Computer-aided reasoning tools, such as SAT/SMT solvers, have had a dramatic impact on software engineering and security in recent years. So much so that a large number of software engineering tools these days are designed primarily using a SAT or SMT solver as a backend. The primary reason for this recent adoption of solvers in software engineering is the continued improvement in their performance and expressive power. For example, over the last 15 years we have seen a 1000x improvement in the performance of conflict-driven clause-learning SAT solvers. Given their foundational importance and impact, it is important for any student wanting to do research in software engineering, security, or mathematics to have a thorough understanding of SAT/SMT solvers and proof assistants. In this course, we will cover the theory and practice of automated reasoning tools such as conflict-driven clause learning SAT solvers, SMT solvers, and their applications. Below find a brief summary of the topics that we will cover in the course. The course consists of 7 lectures of 3 hour each.
Week 1 Lectures
- Lecture 1: Boolean logic, the Boolean satisfiability problem, introduction to SAT solvers, an overview of application of SAT solvers to automatic software testing.
- Lecture 2: Conflict-driven clause-learning SAT solvers, branching heuristics, and conflict analysis (part I)

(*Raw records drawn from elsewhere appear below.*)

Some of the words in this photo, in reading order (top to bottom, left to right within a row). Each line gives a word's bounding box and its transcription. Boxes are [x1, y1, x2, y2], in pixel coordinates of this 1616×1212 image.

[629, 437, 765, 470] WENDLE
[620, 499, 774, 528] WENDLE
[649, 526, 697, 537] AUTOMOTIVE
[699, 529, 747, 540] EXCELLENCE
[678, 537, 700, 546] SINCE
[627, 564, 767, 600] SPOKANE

- Presentation - Understanding VSIDS Branching Heuristics in CDCL SAT solvers
- Presentation - Combining machine learning with deduction for SAT solvers
- Lecture 3: Conflict-driven clause-learning SAT solvers, branching heuristics, and conflict analysis, programmatic SAT (part II)
- Lecture 4: Application of SAT solvers to symbolic-execution based testing
Week 2 Lectures
- Lecture 5: Motivation for SMT solvers, and combination of decision procedures.

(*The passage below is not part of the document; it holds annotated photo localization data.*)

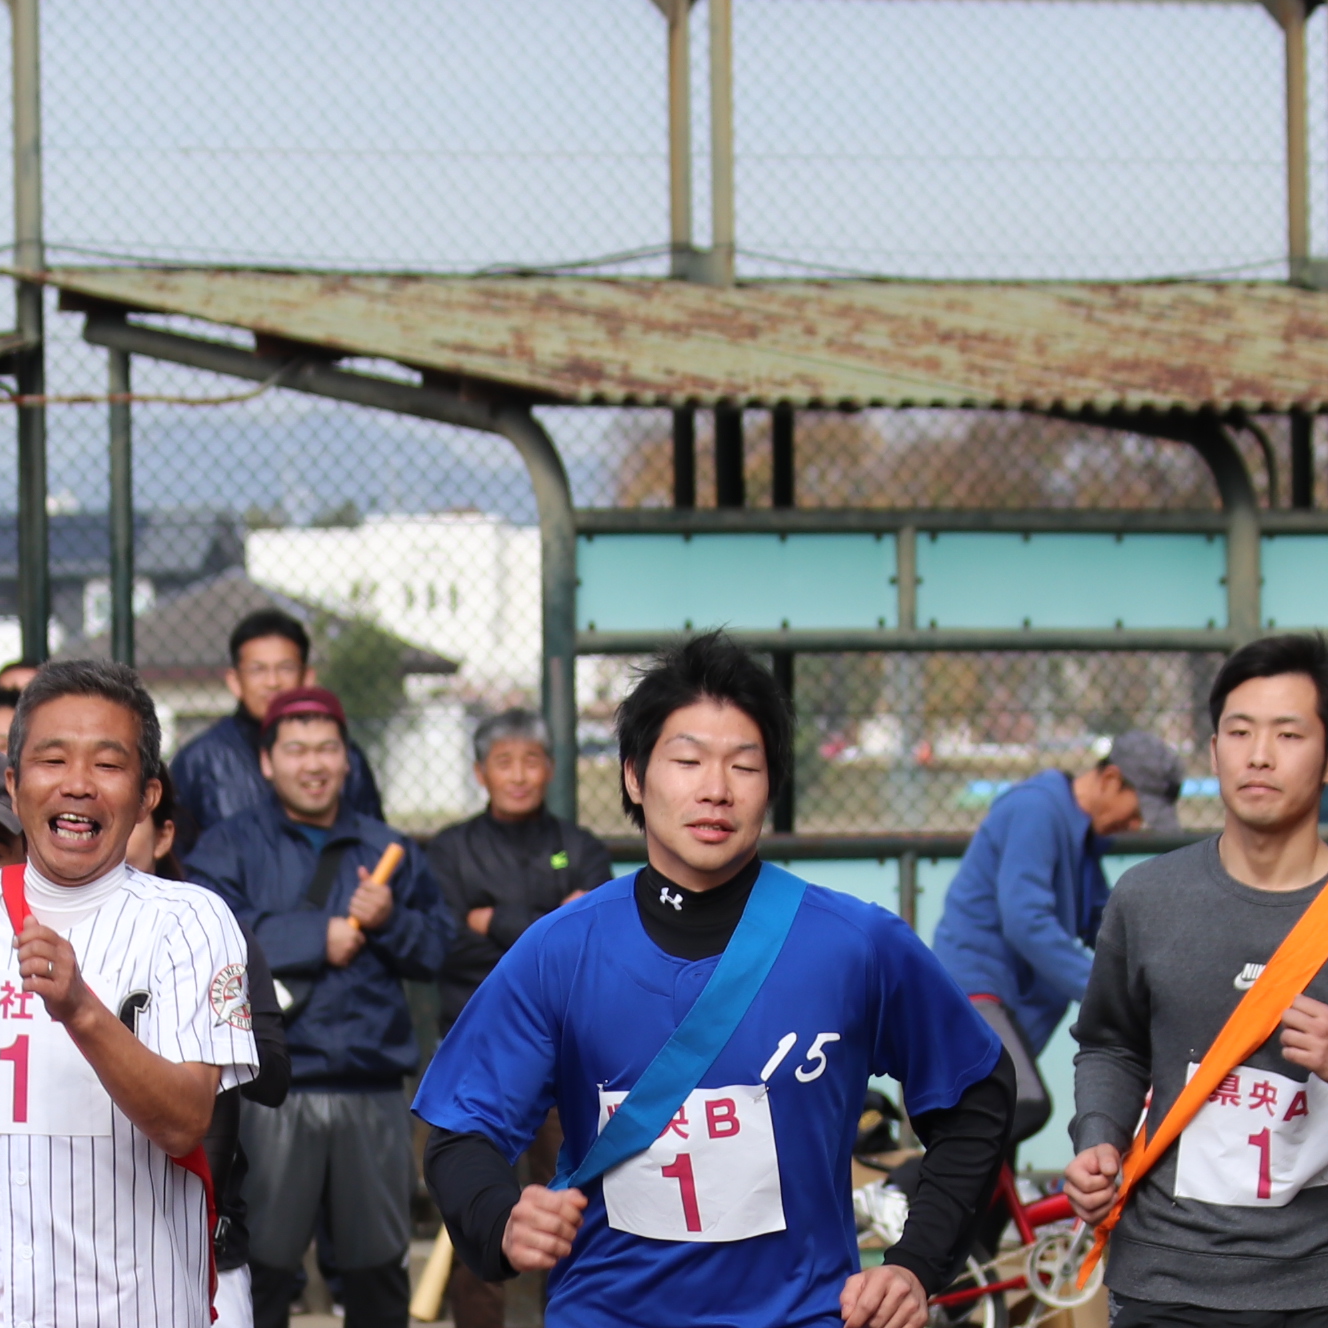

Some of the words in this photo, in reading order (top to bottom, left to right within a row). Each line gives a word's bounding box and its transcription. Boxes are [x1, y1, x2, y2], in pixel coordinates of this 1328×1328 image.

[210, 964, 243, 1005] MARINES
[760, 1032, 841, 1083] 15
[661, 1153, 703, 1232] 1
[1248, 1126, 1271, 1199] 1
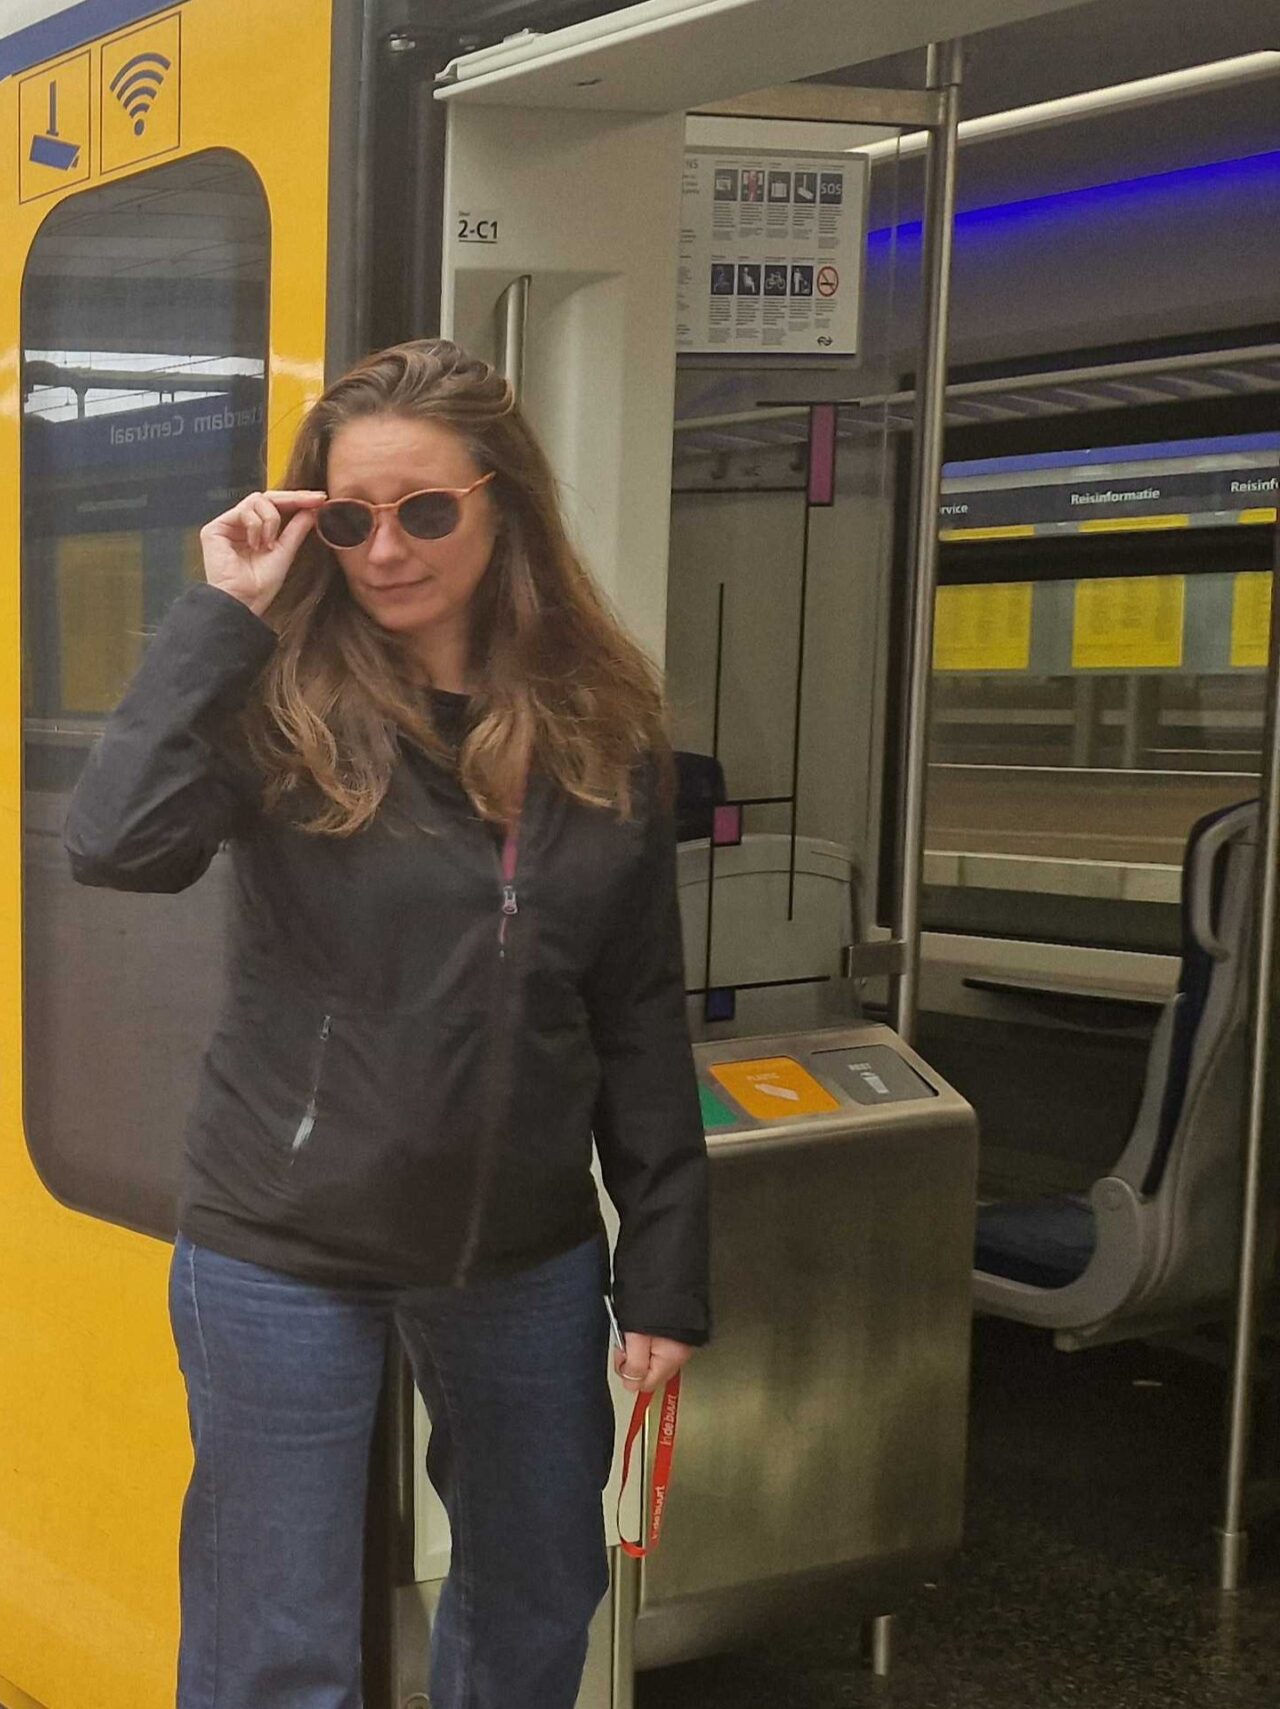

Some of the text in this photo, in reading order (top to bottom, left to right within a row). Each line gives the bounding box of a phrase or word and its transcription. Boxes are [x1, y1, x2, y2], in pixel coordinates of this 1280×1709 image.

[821, 182, 842, 195] SOS
[458, 219, 498, 240] 2-C1
[1071, 487, 1160, 505] Reisinformatie

- Lecture 6: Combination of decision procedures.
- Lecture 7: Counterexample-guided abstraction refinement(CEGAR). CEGAR-based SMT solver.
Brief Bio of Dr. Vijay Ganesh
Dr. Vijay Ganesh is an assistant professor at the University of Waterloo, Canada, since September 2012. Prior to that he was a Research Scientist at the Massachusetts Institute of Technology (2007-2012), and received his PhD in computer science from Stanford University in 2007. Vijay's primary area of research is the theory and practice of automated reasoning aimed at software engineering, formal methods and security. In this context he has developed many SAT/SMT solvers, most notably, STP, HAMPI, and Z3str2. He has also worked on theoretical results in the context of rich string theories. For his research, he recently won an IBM Research Faculty Award in 2015, two Google Research Faculty Awards in 2013 and 2011, and 7 best paper awards/honors at conferences like SAT, CAV, CADE, and DATE. His solver STP has won numerous awards in highly competitive international SMT solver competitions. Recently he was invited to the first Heidelberg Laureate Forum in 2013, a gathering where young researchers from around the world were selected to meet with leading computer scientists and mathematicians.